* _Listed records_:
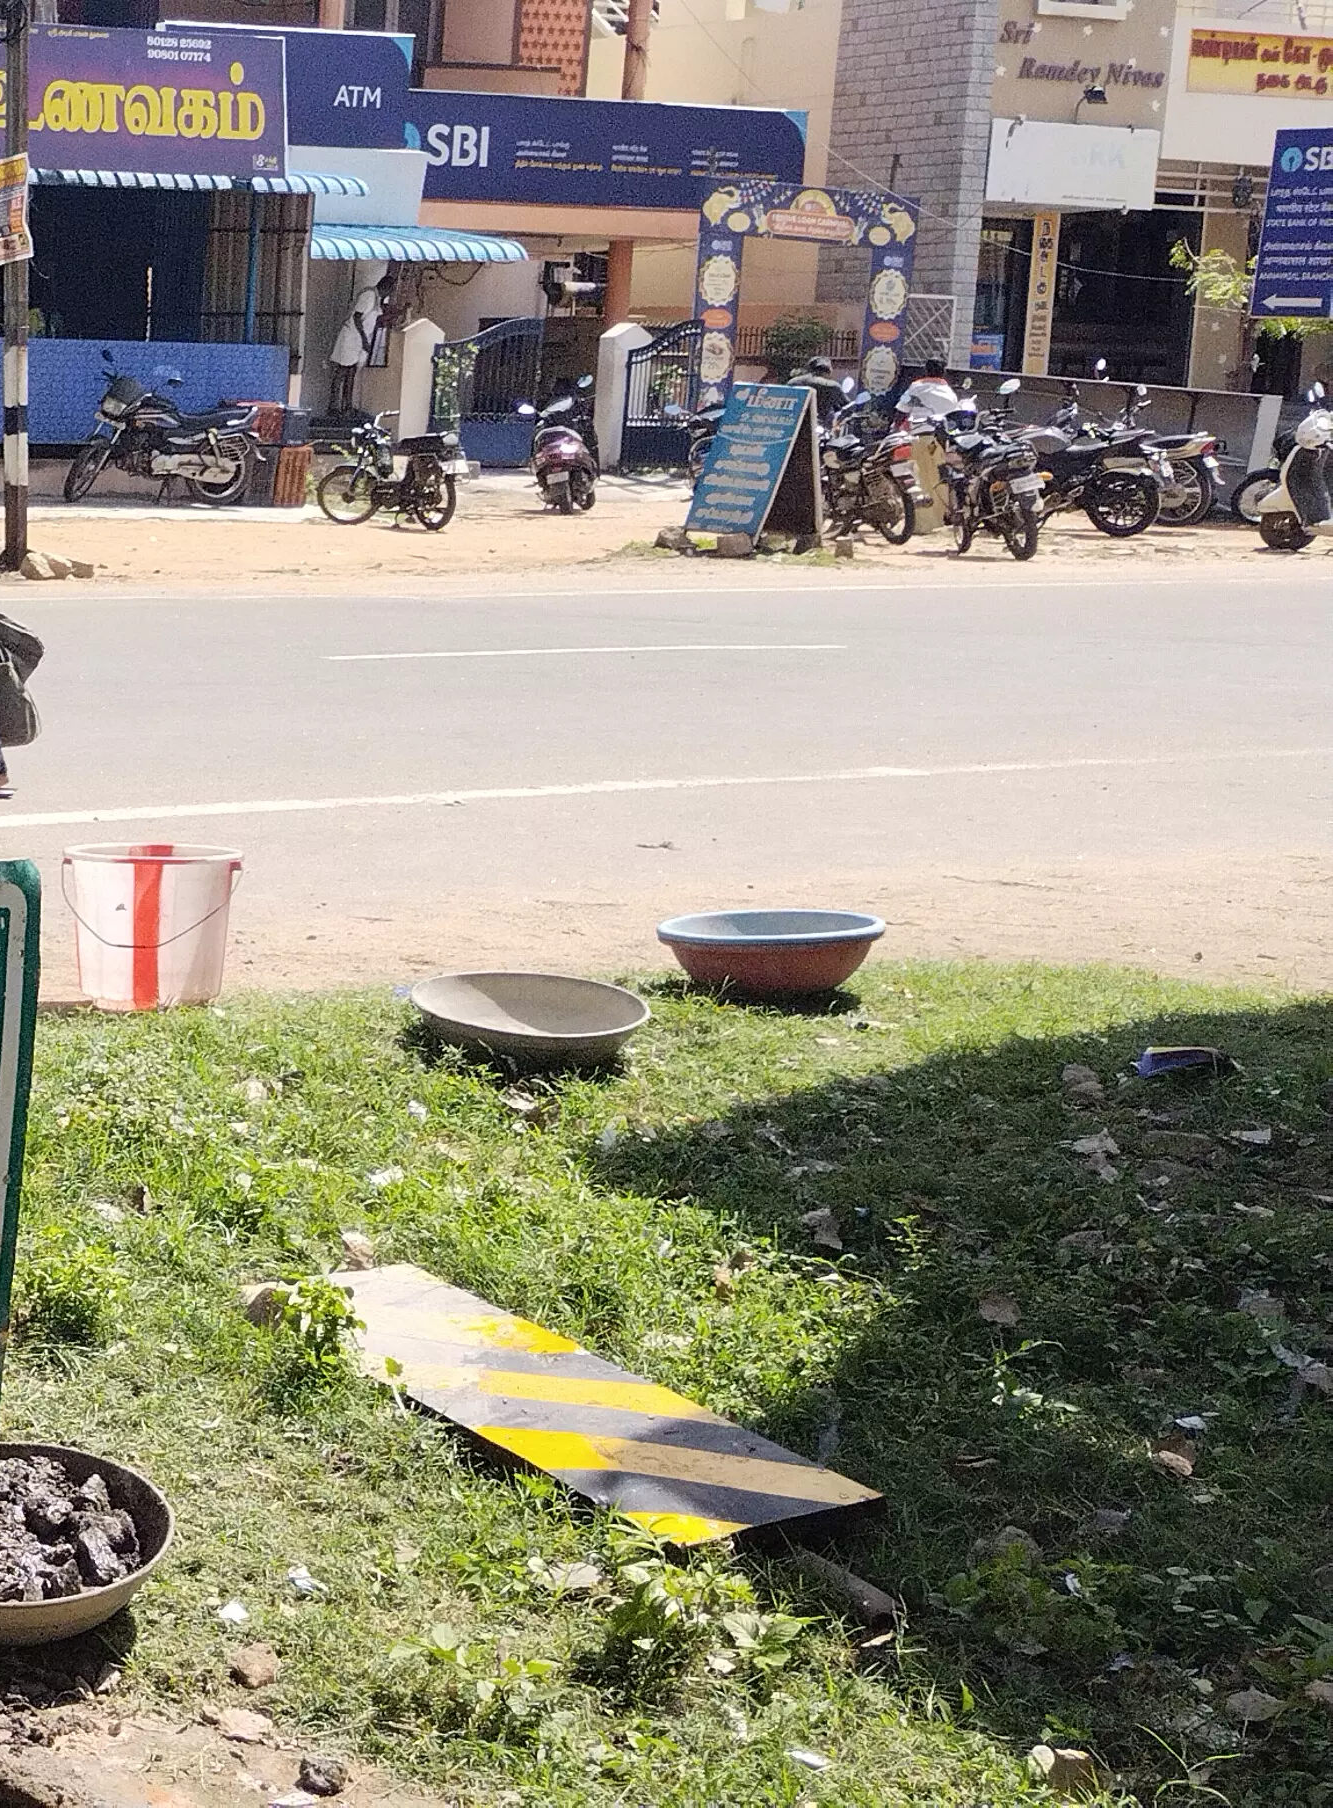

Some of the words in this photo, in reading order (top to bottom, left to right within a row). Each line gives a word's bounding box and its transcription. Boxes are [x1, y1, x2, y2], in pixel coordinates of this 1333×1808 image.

[999, 20, 1034, 45] Sri
[1103, 62, 1165, 88] Nivas
[334, 85, 382, 109] ATM
[427, 124, 490, 168] SBI
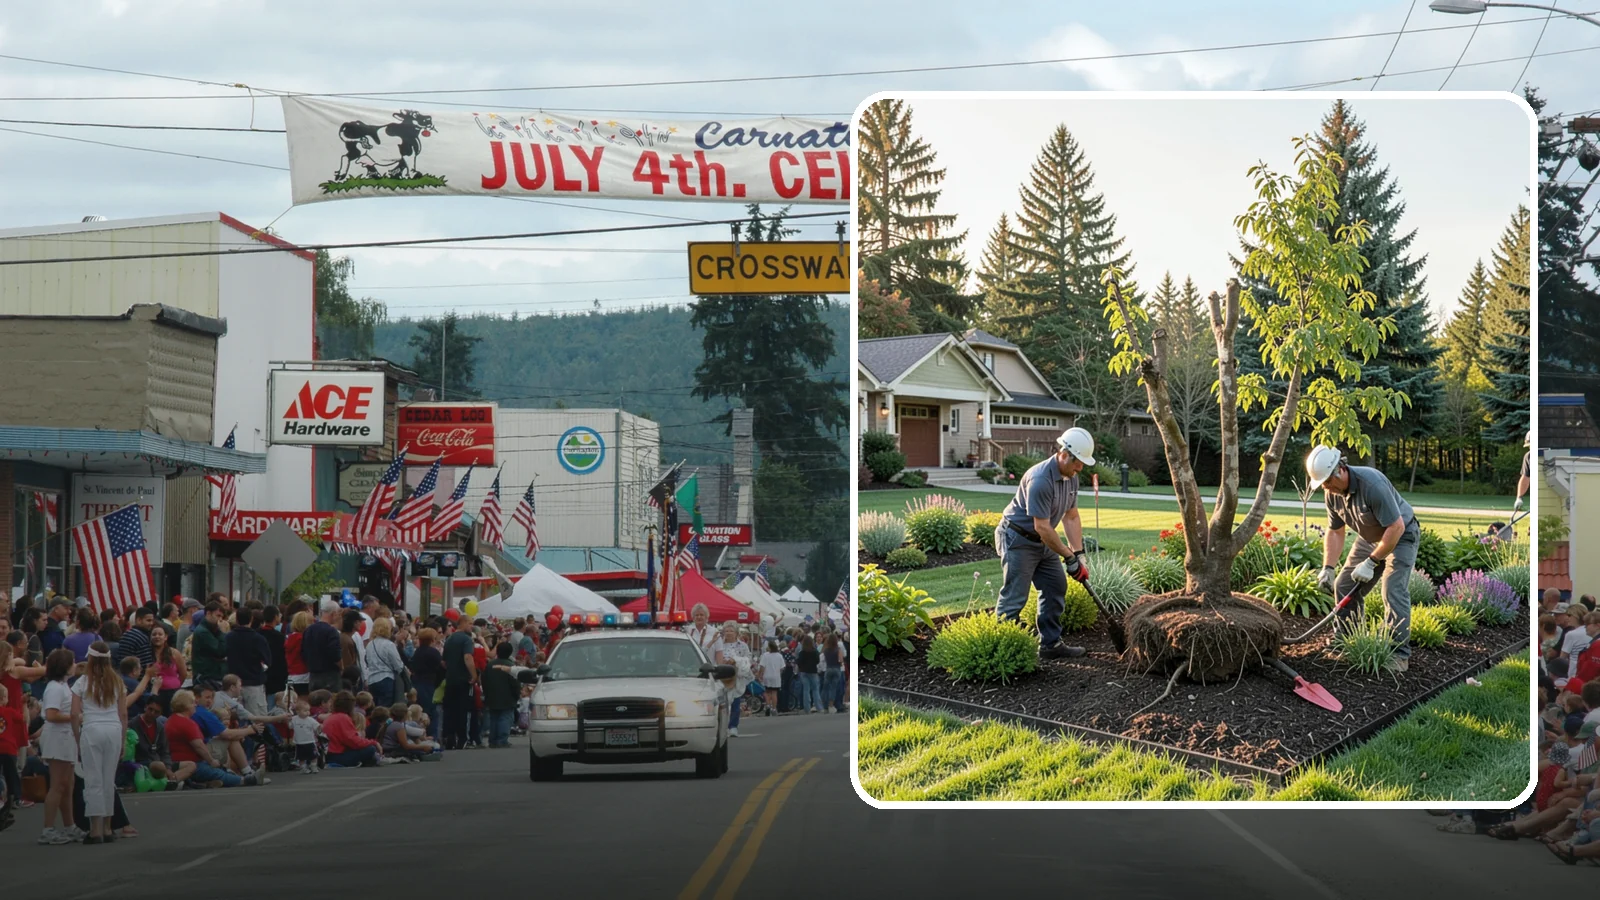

* _Problem statement_: Excluding pictures, print all lines above exactly.

* _Task answer_:
Some of the words in this photo, in reading order (top to bottom, left to right within a row). Each line gives a word's bounding box and its transcription. Boxes are [x1, y1, x2, y2], in pixel coordinates of this 1333×1808 image.

[999, 20, 1034, 45] Sri
[1103, 62, 1165, 88] Nivas
[334, 85, 382, 109] ATM
[427, 124, 490, 168] SBI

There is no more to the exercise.